James Neil discovered that ten of his breeding pigeons had been stolen from an owner’s compound in Church Place, Fauldhouse after the culprits forced open a padlock on the loft.

The 70-year-old said the thieves had most likely stolen the birds to breed their own pigeons for sale, and added he did not suspect rival pigeon fanciers to be behind the theft.

Police have appealed for help from the pigeon racing community in a bid to recover the birds following the break-in, which took place between 2pm on Saturday and 10am on Sunday.

Mr Neil, a retired miner, has been racing pigeons since he was at high school, and is a long-time member of the Fauldhouse Homing Club, which stages weekly races from England back to West Lothian.

Mr Neil said: “It must have happened on Saturday night. I went along on Sunday morning and found they were gone.

“They had broken in and stolen ten of my breeding pigeons, five male and five female. There were 12 of them in the loft but they didn’t take two. It looks like they used a screwdriver to get the padlock off.

“The loft is about ten feet by six feet. They would have to go inside to collect the birds, 
probably in a basket or box. Pigeons would not have made a lot of noise in the dark. They would have just allowed themselves to be picked up.

“They were my stock birds which never raced. I’d had them about four years. They are the thoroughbred ones and are worth about £300 each.

“I can’t say who might have stolen them. I’ve not fallen out with anyone so I can’t think why it happened. It was probably just random that they chose my loft. The compound has about eight or nine lofts in it for different owners.

“There isn’t really rivalry between pigeon racers. You want to win but not by doing that.”

Mr Neil said the stolen pigeons could be identified from rings attached around their feet shortly after birth, which made racing them impossible throughout the UK’s clubs.
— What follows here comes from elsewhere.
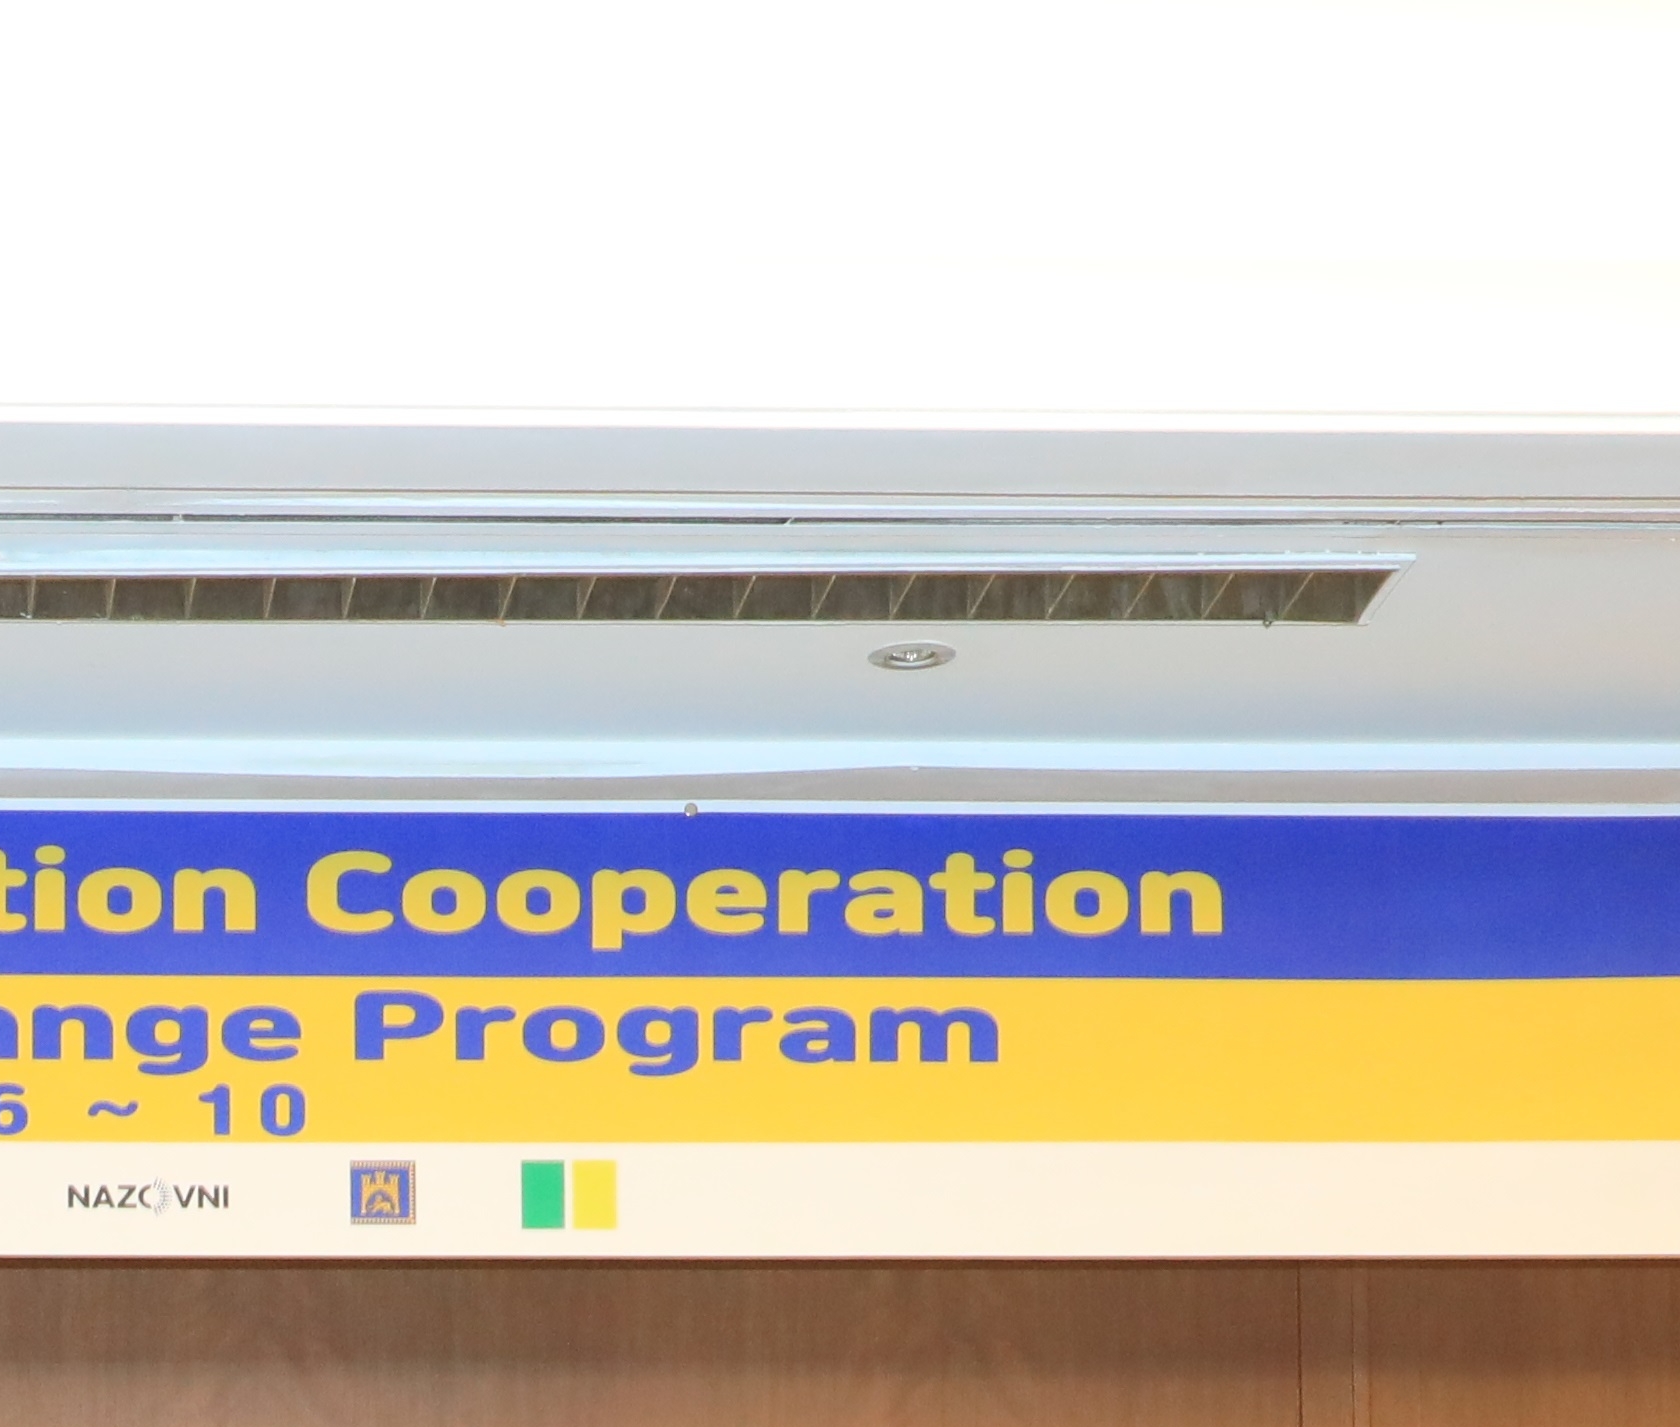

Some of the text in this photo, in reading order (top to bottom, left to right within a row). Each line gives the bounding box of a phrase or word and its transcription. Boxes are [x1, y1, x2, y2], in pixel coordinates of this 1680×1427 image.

He said: “The pigeons all have rings around their legs with my name on them, so no-one could use them in a race. The rings are put on them when they are a few days old.
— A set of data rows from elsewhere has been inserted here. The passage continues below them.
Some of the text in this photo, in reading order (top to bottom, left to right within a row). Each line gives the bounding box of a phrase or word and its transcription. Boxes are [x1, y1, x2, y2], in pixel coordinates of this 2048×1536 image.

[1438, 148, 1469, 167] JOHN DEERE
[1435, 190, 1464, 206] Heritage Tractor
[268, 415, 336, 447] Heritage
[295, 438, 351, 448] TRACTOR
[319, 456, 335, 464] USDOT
“You couldn’t race or resell these pigeons to another owner. The only thing you could do is use them to breed more pigeons for sale.
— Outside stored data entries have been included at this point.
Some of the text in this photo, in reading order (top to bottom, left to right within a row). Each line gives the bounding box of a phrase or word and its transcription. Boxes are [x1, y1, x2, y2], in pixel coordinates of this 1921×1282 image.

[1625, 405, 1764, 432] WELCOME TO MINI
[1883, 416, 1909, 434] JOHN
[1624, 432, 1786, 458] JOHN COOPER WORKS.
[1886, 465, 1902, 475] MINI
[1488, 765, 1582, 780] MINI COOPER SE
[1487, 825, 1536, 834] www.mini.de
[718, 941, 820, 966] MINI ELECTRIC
“They’re not insured so I’ve been left out of pocket. I’ll have to try and get replacements.”

He added: “I was a miner for 27 years and pigeons was the big sport for miners. Most of the members at our club were miners.

“The pigeons we race are taken down to England on Friday night to places in Lancashire and so on. Then they are released and race back to the clubhouse. The first back is the winner.”

Mr Neil lives in Blackburn, West Lothian, with his wife, Catherine, 72, a retired cleaner, and the couple have nine grandchildren.

A police spokesman said: “The owner of the racing pigeons is distraught at the theft of his birds. Anyone who comes across the pigeons should contact police immediately.

“Similarly, we are keen to hear from anyone who can help us identify those responsible.”